Jerry Nelson, who served as Robin the Frog's performer, sang the song at Jim Henson's memorial service during a segment where various Muppet performers sang Henson's favorite songs as their characters.

Rowlf the Dog sang a cover of this song in his album, Ol' Brown Ears is Back. American singer Amy Lee of the band Evanescence sang a cover of the song which was included on the 2011 album Muppets: The Green Album.
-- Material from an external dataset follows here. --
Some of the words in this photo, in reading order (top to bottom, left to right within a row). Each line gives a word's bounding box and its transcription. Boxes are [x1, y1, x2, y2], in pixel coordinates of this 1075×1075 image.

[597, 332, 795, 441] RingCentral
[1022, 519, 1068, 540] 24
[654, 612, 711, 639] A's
In 2019, a cover of this song was sung in the Family Guy episode "You Can't Handle the Booth!". In the episode, the show's main character Peter Griffin gets stuck in the banister slats of his staircase and dejectedly sings the song to pass the time. Series creator and voice actor Seth MacFarlane would later perform the song again for his 2026 album Seth MacFarlane Sings The Muppets.

==Text==

Halfway down the stairs
Is a stair
Where I sit.
There isn't any
Other stair
Quite like
It.
I'm not at the bottom,
I'm not at the top;
So this is the stair
Where
I always
Stop.

Halfway up the stairs
Isn't up
And isn't down.
It isn't in the nursery,
It isn't in the town.
And all sorts of funny thoughts
Run round my head:
"It isn't really
Anywhere!
It's somewhere else
Instead!"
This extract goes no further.